__What is expected__:
For each record below, retype the text exactly and omit any image.

Provided records START

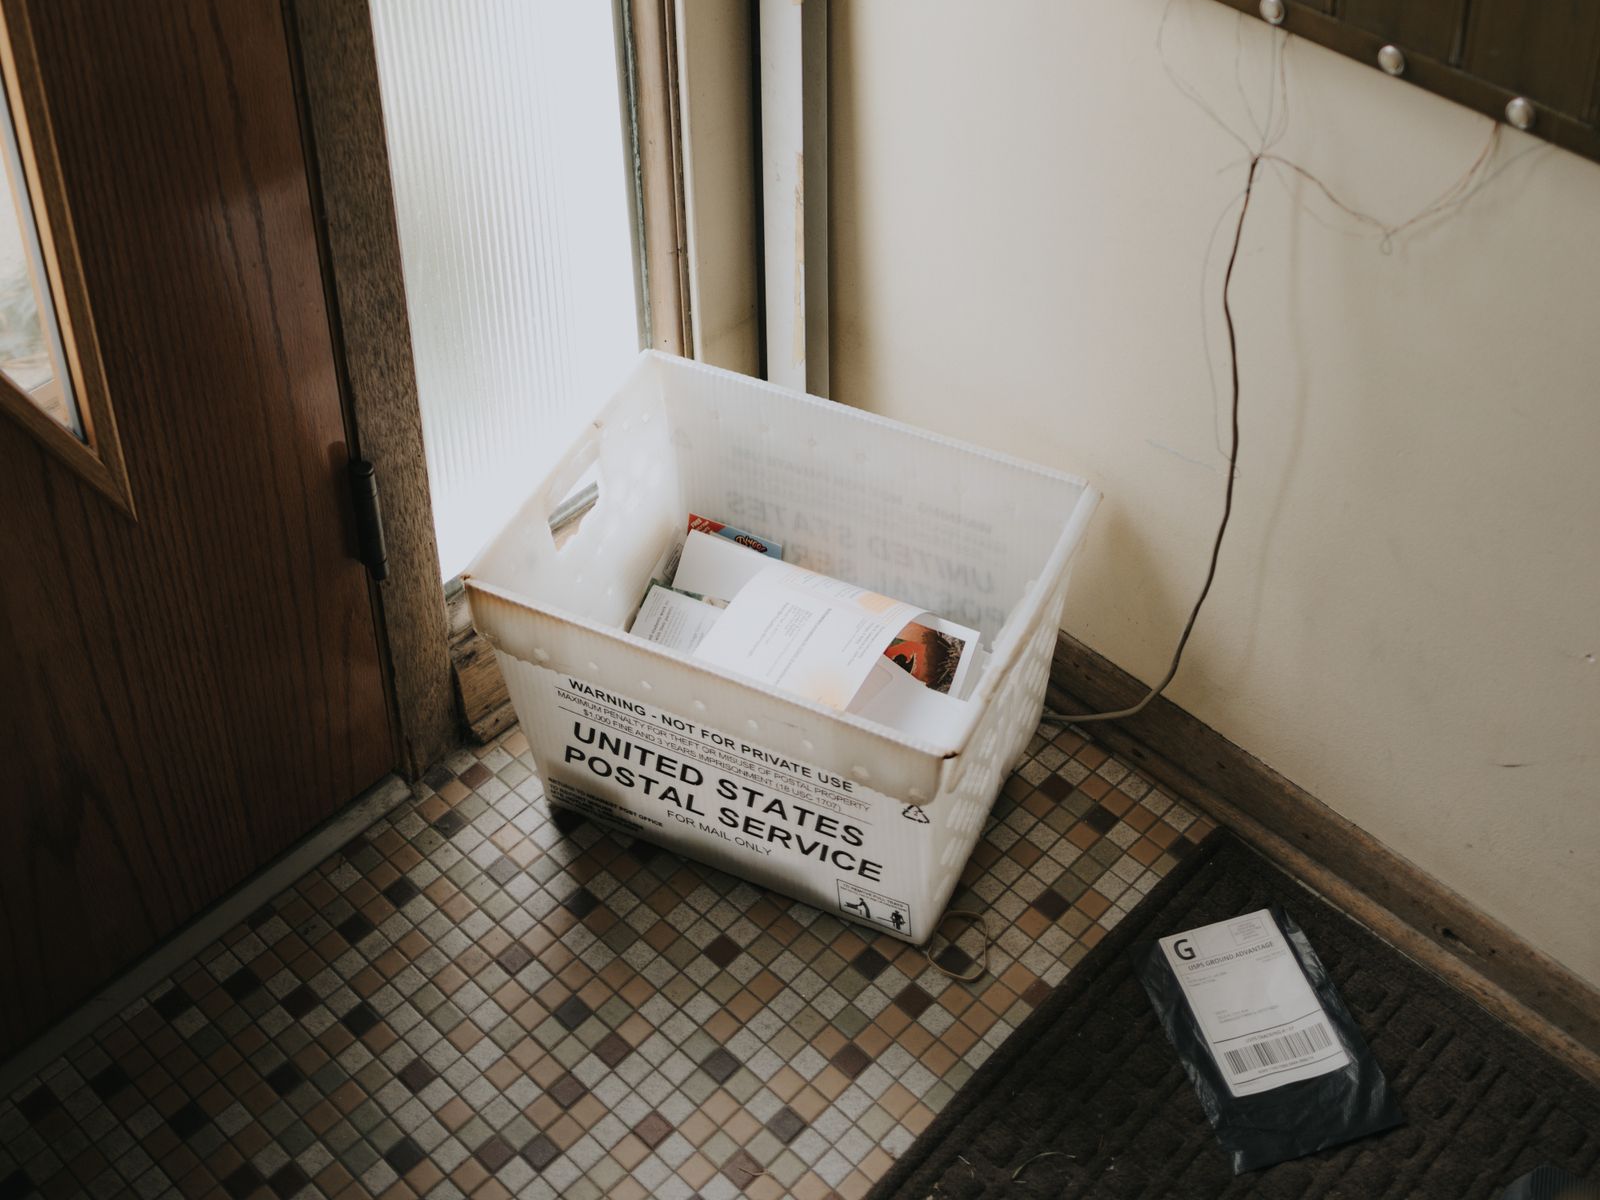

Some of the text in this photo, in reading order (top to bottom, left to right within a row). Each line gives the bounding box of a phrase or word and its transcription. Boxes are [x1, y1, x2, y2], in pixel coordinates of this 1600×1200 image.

[557, 690, 870, 812] MAXIMUM PENALTY FOR THEFT OR MISUSE OF POSTAL PROPERTY
[569, 678, 646, 716] WARNING
[661, 714, 696, 734] NOT
[701, 729, 736, 750] FOR
[741, 744, 812, 778] PRIVATE
[817, 772, 853, 793] USE
[573, 721, 703, 787] UNITED
[716, 778, 864, 847] STATES
[583, 708, 611, 725] $1,000
[613, 717, 634, 732] FINE
[635, 729, 656, 742] AND
[665, 740, 697, 758] YEARS
[699, 753, 773, 790] IMPRISONMENT
[790, 785, 814, 801] USC
[564, 745, 705, 816] POSTAL
[718, 807, 883, 882] SERVICE
[667, 809, 696, 828] FOR
[700, 822, 732, 842] MAIL
[734, 836, 772, 856] ONLY
[1173, 938, 1197, 961] G
[1187, 961, 1206, 972] USPS
[1205, 953, 1235, 967] GROUND
[1234, 940, 1274, 959] ADVANTAGE

Provided records END

__Exercise result__:
Some of the text in this photo, in reading order (top to bottom, left to right within a row). Each line gives the bounding box of a phrase or word and its transcription. Boxes are [x1, y1, x2, y2], in pixel coordinates of this 1600×1200 image.

[557, 690, 870, 812] MAXIMUM PENALTY FOR THEFT OR MISUSE OF POSTAL PROPERTY
[569, 678, 646, 716] WARNING
[661, 714, 696, 734] NOT
[701, 729, 736, 750] FOR
[741, 744, 812, 778] PRIVATE
[817, 772, 853, 793] USE
[573, 721, 703, 787] UNITED
[716, 778, 864, 847] STATES
[583, 708, 611, 725] $1,000
[613, 717, 634, 732] FINE
[635, 729, 656, 742] AND
[665, 740, 697, 758] YEARS
[699, 753, 773, 790] IMPRISONMENT
[790, 785, 814, 801] USC
[564, 745, 705, 816] POSTAL
[718, 807, 883, 882] SERVICE
[667, 809, 696, 828] FOR
[700, 822, 732, 842] MAIL
[734, 836, 772, 856] ONLY
[1173, 938, 1197, 961] G
[1187, 961, 1206, 972] USPS
[1205, 953, 1235, 967] GROUND
[1234, 940, 1274, 959] ADVANTAGE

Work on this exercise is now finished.